**** Records for processing
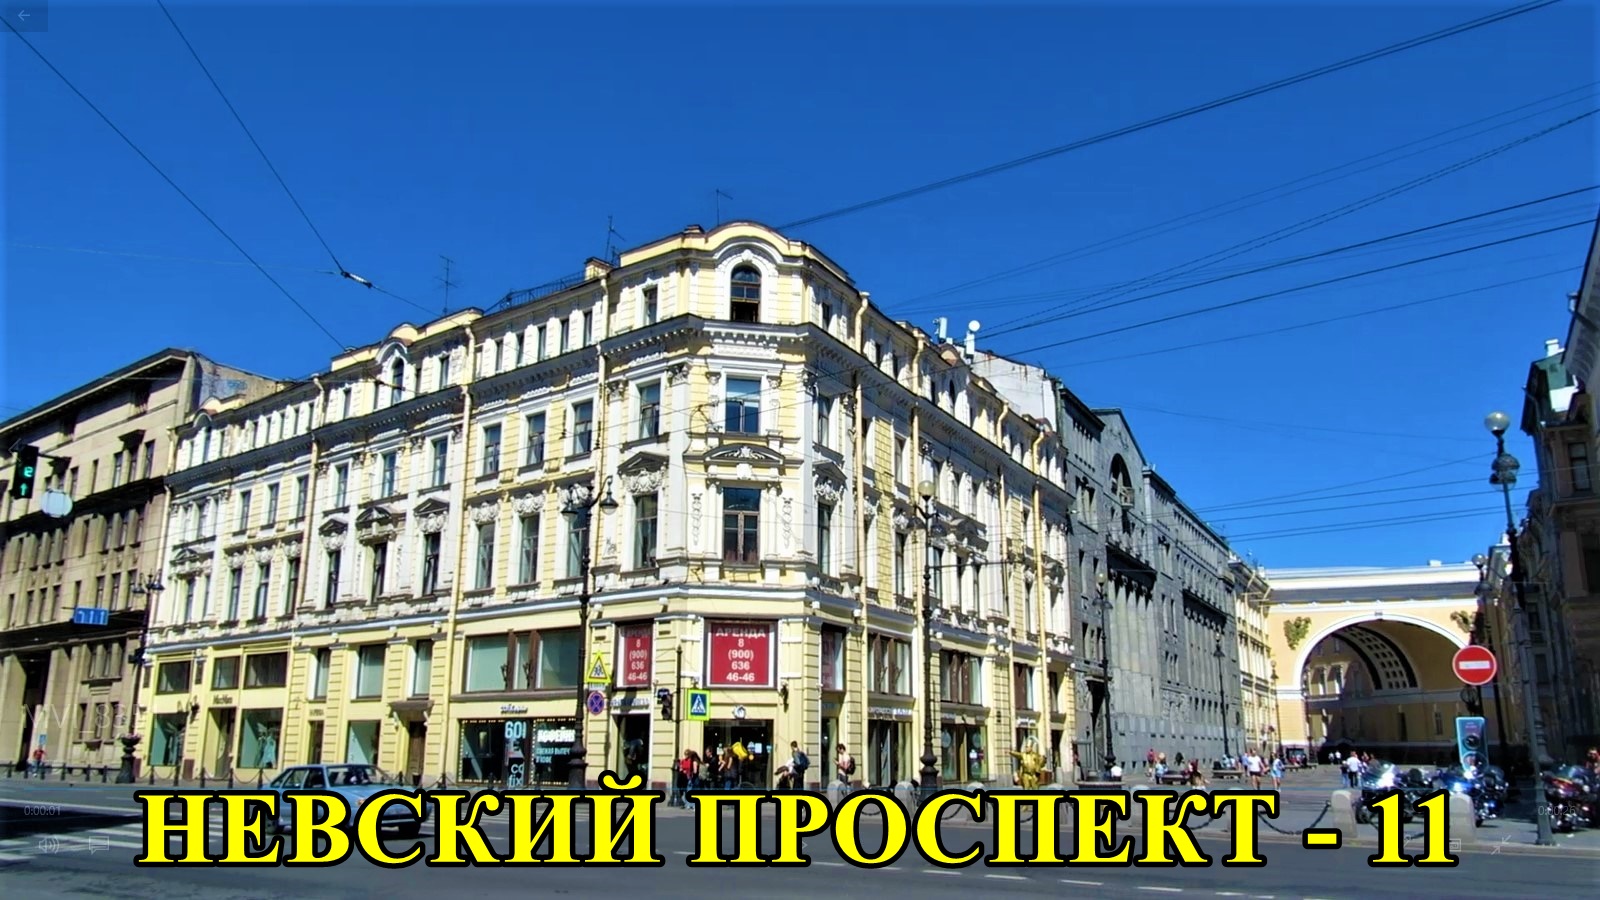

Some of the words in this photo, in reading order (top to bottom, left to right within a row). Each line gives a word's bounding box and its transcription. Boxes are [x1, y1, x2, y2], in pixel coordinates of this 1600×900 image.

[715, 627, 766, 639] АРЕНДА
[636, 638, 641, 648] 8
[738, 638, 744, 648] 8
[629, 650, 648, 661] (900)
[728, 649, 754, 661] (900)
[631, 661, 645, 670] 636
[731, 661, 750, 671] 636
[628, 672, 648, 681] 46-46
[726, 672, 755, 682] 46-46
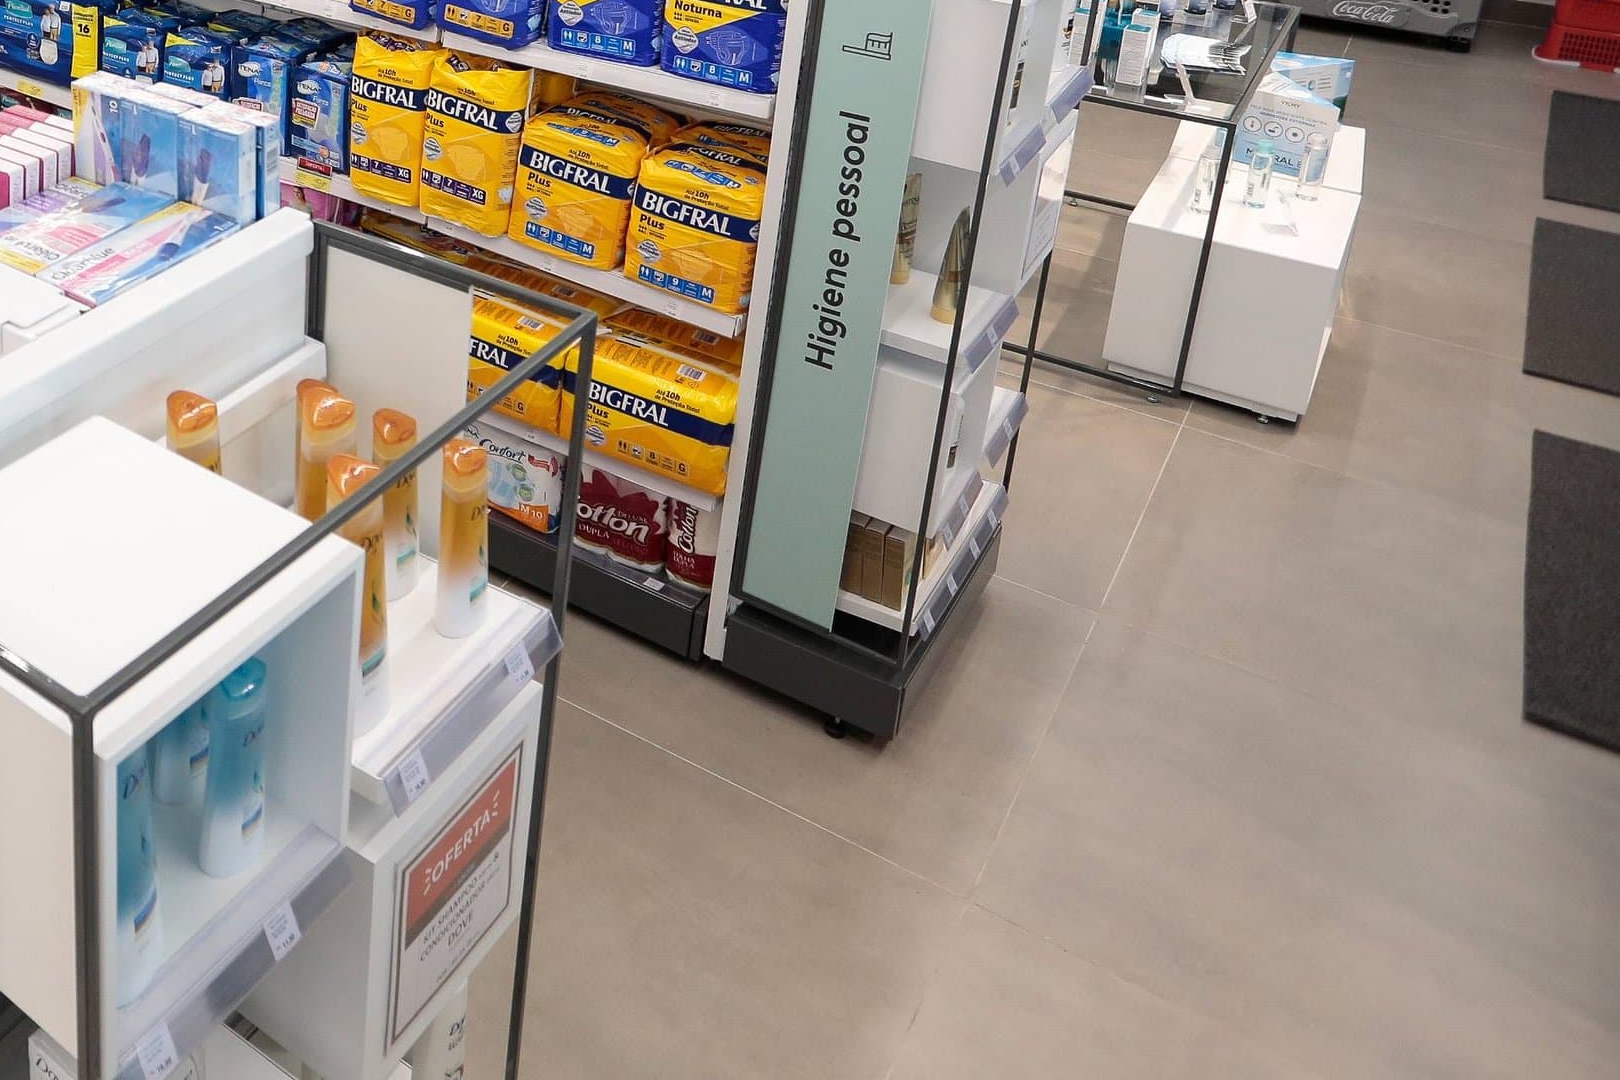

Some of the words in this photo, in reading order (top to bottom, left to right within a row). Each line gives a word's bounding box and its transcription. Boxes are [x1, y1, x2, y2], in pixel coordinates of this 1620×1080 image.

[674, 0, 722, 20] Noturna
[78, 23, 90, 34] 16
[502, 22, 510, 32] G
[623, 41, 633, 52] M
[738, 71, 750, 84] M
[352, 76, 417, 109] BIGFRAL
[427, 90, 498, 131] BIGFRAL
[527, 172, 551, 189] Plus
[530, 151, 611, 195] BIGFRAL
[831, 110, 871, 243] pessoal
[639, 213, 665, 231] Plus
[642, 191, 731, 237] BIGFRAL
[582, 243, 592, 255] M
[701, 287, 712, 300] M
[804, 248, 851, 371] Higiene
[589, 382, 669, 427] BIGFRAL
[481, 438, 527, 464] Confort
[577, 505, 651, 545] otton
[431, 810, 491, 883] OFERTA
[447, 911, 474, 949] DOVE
********
Task item: Copy out exactly the lines running from the line with "this 1620×1080 image." to the end of the records, inclusive.

Exercise result:
Some of the words in this photo, in reading order (top to bottom, left to right within a row). Each line gives a word's bounding box and its transcription. Boxes are [x1, y1, x2, y2], in pixel coordinates of this 1620×1080 image.

[674, 0, 722, 20] Noturna
[78, 23, 90, 34] 16
[502, 22, 510, 32] G
[623, 41, 633, 52] M
[738, 71, 750, 84] M
[352, 76, 417, 109] BIGFRAL
[427, 90, 498, 131] BIGFRAL
[527, 172, 551, 189] Plus
[530, 151, 611, 195] BIGFRAL
[831, 110, 871, 243] pessoal
[639, 213, 665, 231] Plus
[642, 191, 731, 237] BIGFRAL
[582, 243, 592, 255] M
[701, 287, 712, 300] M
[804, 248, 851, 371] Higiene
[589, 382, 669, 427] BIGFRAL
[481, 438, 527, 464] Confort
[577, 505, 651, 545] otton
[431, 810, 491, 883] OFERTA
[447, 911, 474, 949] DOVE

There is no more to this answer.